We chat to MIFF’s artistic director in the lead-up to the trailblazing MIFF 68½.
With cinema visits currently off the table, the team behind the Melbourne International Film Festival have had to figure out a new method of delivery.
This year’s event has been rejigged and renamed MIFF 68½ – a new guise that is ambitious and forward-thinking but has asked even more from MIFF’s already-industrious artistic director, Al Cossar.
“In April we had to cancel the entire regular festival program that we’d put together at that point and build it again from the ground up,” explains Cossar.
“The time frame in doing a hard pivot from the direction of a real-world cinema event to an online event, it’s pretty sizeable.”
It’s been a mammoth task for Cossar and the team. They’ve had to build their own streaming platform and secure online ratings exemptions for certain films, all the while retaining the essence of MIFF in a digital space.
“There’s a number of firsts within the process that might not be apparent to an audience that we’ve had to work through quite quickly and with a lot of involvement to navigate and negotiate,” says Cossar.
“What was really important was to maintain the programming personality of MIFF. To really lean into it to put together and present a program that would meet audience expectations of what a regular festival would be.”
The result is a collection of 113 films, including 12 world premieres and 83 Australian ones. In keeping as true to form as possible, the event is bookended by opening and closing night screenings, featuring Kelly Reichardt’s First Cow and Pablo Larrain’s Ema respectively.
A centrepiece film in the form of Benh Zeitlin’s Wendy will mark the festival’s midway point and there’s a bunch of free short flicks, MIFF talks events and program spotlights too.
“What we always try to do is be relevant and topical, even if it’s not obvious or literal,” explains Cossar.
“There are films which I think are very much geared towards activism more broadly, there are films which are geared towards the Black Lives Matter movement. There are films in terms of the COVID situation that I think are about loss in a really interesting way.”

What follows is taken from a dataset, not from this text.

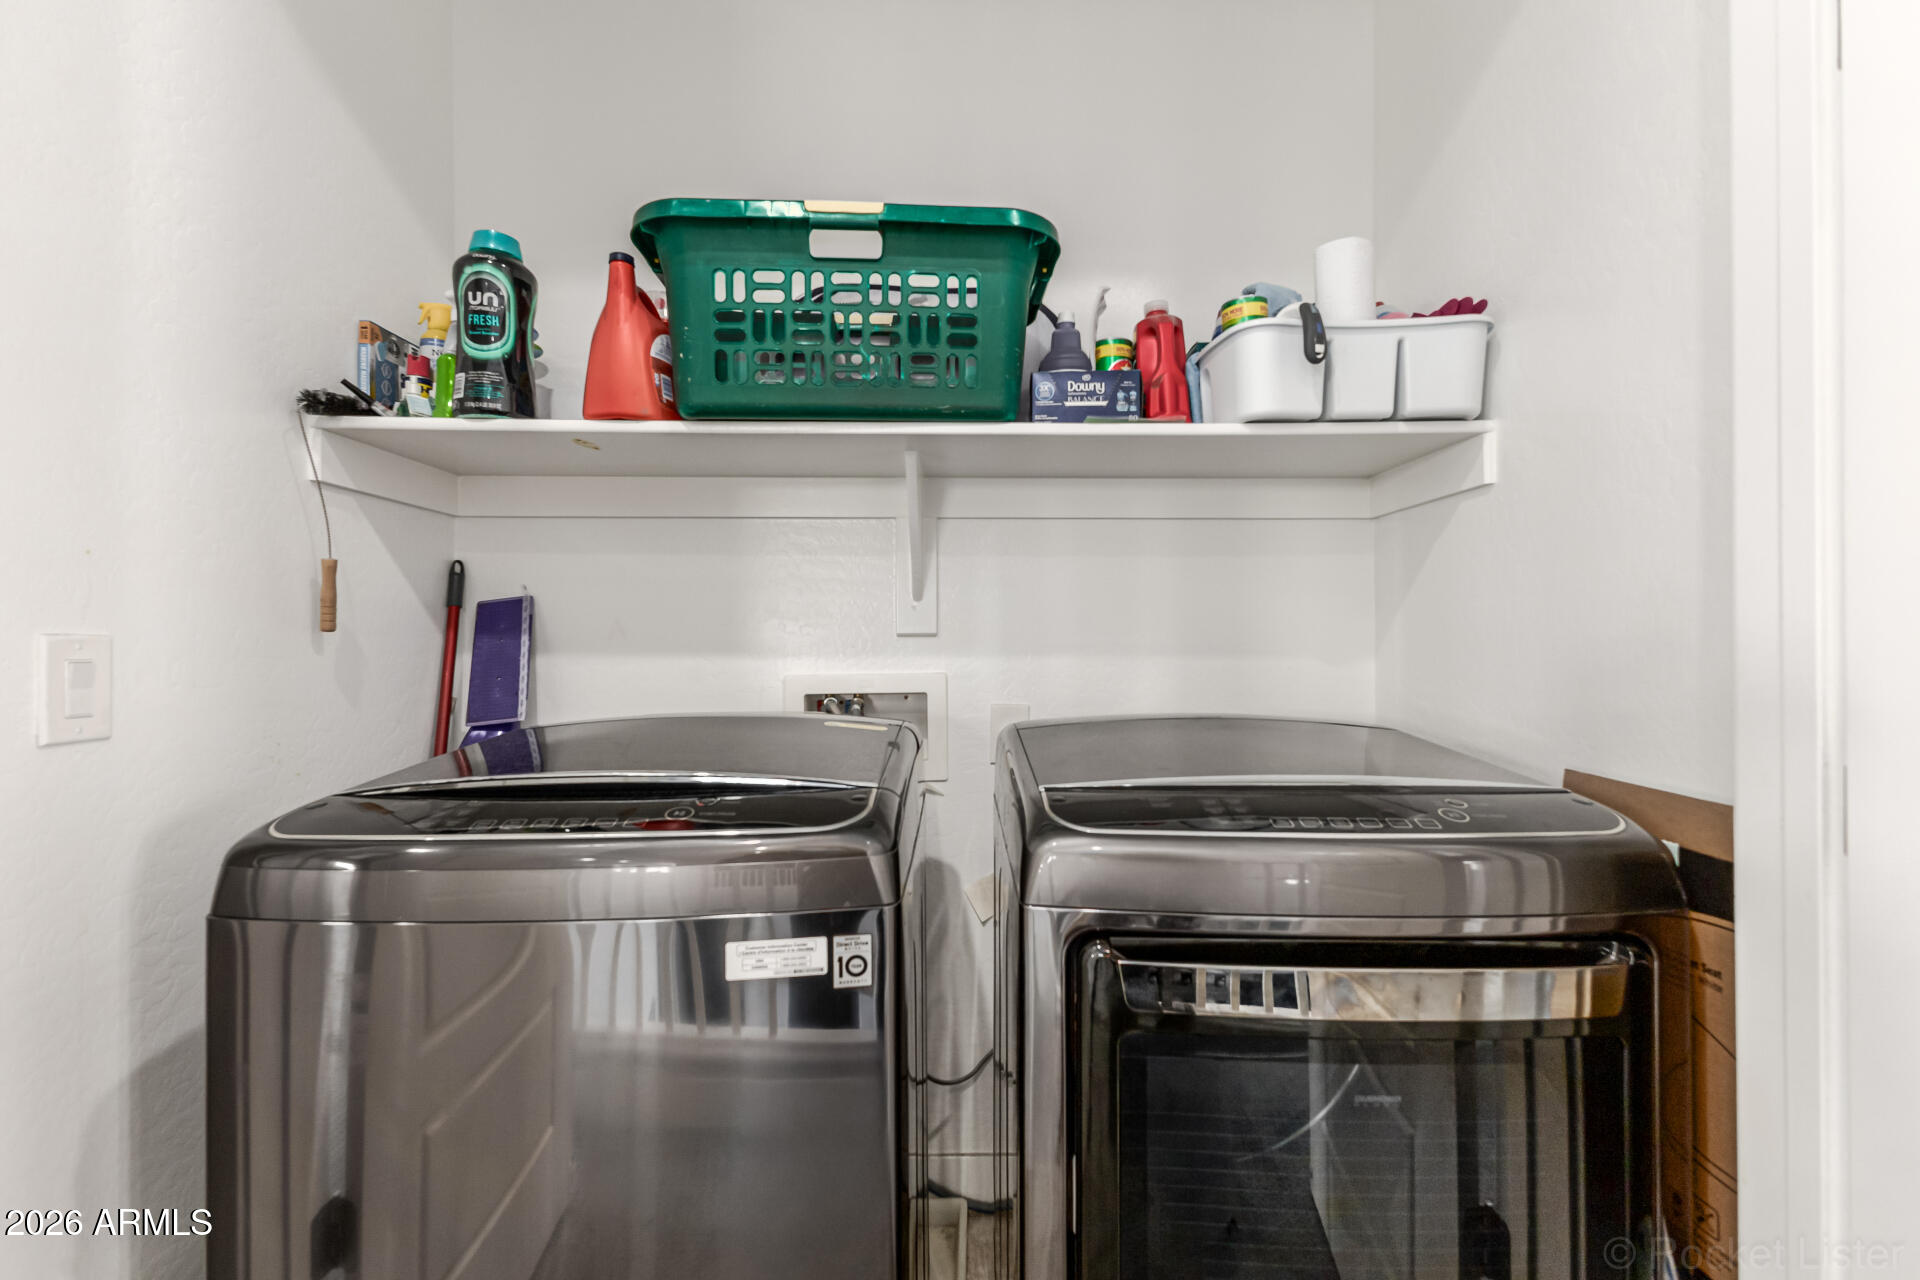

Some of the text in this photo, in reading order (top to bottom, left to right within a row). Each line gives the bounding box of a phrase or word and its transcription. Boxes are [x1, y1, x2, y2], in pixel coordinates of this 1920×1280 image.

[467, 314, 500, 327] FRESH
[1067, 381, 1105, 394] Downy
[837, 955, 868, 978] 10

As well as reflecting the current global climate, Cossar wanted some components of the festival to reflect the at-home nature of its newfound delivery.
“We also looked at what was possible in terms of longform content,” he explains. “You look at what is context specific for people in their loungerooms and what plays specific to that physical environment, so there are things in there which are multi-episode presentation.
“If you’re in a headspace of bingeing, then there are options for you.”
Being able to play with format more than they usually might was exciting for the team and it wasn’t the only unexpected benefit.
“This is the first MIFF in our festival’s history that all of Australia can attend and that’s something really unique and specific to the opportunity and the context in which we’re building this,” says Cossar.
“The scale of regional access is incredible I think for audiences and that is something we’re looking towards in the future very much as well.”
Though Cossar has embraced the turbulent changes and found merit in MIFF’s virtual reinvention, he’s eager for a time beyond COVID, when the festival can return to its cinema home.
“The world is a more distant and disconnected place in 2020, we’re about finding and fostering audiences no matter the form that needs to take,” he says.
“The festival will always be at its heart something that’s delivered in cinemas and we welcome the point at which we can return to doing that. But until then we can find ways to be relevant, responsive and meet people where they are, and hopefully make that a real point of positivity for people in this situation.”
MIFF 68½ runs from Thursday August 6 to Sunday August 23. Head to the festival website for tickets and the full program.